Even though the gate settings will be largely similar among individuals and among experiments, analyzing (auto)antigen T-cell specificities is subject to subtle differences in background stainings between individual subjects that require adjusting the gate settings accordingly. This may partly result from the need to compensate the light channels on each day that blood samples are analyzed on the FACS LSR II. Importantly, the minor differences in background staining did not distinguish patients from healthy subjects. We recommend that a longitudinal series of blood samples from a given subject be analyzed on the same day to minimize interassay variation, as we pursued for the analyses of blood samples of islet transplant recipients. We contend that the availability of a second dimension of staining in our combinatorial approach (each epitope being represented by two different colors) facilitates setting the gates and to a great extent copes with the difficulties of distinguishing background from positive staining of low-avidity TCR.
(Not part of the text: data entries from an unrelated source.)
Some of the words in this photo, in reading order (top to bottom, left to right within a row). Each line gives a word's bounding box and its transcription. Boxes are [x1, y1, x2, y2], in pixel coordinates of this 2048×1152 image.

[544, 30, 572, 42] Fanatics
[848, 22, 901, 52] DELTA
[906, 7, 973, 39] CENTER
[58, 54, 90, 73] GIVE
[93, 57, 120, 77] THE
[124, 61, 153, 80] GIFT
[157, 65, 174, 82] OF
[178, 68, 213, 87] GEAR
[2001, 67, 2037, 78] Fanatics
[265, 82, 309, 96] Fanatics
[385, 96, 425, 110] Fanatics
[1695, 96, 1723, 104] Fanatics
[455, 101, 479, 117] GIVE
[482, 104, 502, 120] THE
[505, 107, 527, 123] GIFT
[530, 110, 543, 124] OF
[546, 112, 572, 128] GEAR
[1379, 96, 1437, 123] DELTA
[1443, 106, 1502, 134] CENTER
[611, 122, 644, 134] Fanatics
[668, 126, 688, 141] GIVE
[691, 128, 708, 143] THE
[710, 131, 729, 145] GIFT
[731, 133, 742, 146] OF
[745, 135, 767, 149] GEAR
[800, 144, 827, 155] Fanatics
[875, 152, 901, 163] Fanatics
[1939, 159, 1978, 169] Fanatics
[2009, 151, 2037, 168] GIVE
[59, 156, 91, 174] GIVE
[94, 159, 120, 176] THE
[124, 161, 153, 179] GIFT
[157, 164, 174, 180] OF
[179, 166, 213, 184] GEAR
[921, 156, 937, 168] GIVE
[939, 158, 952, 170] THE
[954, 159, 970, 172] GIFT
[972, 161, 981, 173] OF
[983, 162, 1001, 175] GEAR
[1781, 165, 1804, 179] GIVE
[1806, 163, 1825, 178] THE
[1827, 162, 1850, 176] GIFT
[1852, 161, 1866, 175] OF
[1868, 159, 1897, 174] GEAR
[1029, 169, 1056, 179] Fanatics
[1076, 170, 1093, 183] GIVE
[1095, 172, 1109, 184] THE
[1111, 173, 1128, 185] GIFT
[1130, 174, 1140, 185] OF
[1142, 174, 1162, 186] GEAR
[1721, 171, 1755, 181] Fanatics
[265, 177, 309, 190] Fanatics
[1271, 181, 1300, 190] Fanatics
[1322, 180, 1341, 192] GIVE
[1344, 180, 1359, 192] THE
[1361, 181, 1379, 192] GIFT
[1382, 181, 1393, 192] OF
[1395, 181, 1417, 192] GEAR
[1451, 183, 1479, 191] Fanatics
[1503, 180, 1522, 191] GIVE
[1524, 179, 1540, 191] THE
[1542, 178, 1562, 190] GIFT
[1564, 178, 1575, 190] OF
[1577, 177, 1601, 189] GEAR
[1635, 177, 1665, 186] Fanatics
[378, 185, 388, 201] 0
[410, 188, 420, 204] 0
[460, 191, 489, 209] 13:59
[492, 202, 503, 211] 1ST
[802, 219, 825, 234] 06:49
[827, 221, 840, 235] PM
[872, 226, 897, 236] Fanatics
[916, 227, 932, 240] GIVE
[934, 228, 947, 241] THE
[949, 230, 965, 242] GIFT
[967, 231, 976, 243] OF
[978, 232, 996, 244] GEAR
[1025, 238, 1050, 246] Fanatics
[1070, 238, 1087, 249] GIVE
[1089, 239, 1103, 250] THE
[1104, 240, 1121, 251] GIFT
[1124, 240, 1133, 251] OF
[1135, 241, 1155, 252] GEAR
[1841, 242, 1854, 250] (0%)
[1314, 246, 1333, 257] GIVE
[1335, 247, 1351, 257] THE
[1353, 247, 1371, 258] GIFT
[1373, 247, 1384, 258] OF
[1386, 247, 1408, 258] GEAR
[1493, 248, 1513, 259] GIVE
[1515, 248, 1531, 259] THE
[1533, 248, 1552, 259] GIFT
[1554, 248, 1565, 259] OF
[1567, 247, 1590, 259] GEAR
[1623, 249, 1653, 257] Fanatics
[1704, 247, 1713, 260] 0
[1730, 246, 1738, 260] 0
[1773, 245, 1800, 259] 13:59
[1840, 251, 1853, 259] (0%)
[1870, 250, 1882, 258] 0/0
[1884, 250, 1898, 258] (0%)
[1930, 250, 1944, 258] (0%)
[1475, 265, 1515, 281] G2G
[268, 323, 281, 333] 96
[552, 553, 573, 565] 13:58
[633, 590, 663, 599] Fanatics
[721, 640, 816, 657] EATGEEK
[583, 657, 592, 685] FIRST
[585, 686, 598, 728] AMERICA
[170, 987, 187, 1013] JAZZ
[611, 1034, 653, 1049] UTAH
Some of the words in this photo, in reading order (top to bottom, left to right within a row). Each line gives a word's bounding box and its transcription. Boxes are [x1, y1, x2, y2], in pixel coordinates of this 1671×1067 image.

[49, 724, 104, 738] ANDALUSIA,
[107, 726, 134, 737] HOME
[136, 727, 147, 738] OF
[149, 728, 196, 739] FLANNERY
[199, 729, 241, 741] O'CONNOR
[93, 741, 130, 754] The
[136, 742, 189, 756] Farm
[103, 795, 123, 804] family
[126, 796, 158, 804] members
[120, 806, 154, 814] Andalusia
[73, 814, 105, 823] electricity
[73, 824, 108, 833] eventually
It will be interesting to use our new technology to assess functional and phenotypic differences in islet autoreactive T-cells between type 1 diabetic patients and other subjects (siblings, healthy unrelated subjects, and patients with other diseases). Preliminary results suggest that CD8 T-cells recognizing the PPI15–24 epitope in an islet cell–transplanted patient are largely of a memory phenotype (supplementary Fig. 2).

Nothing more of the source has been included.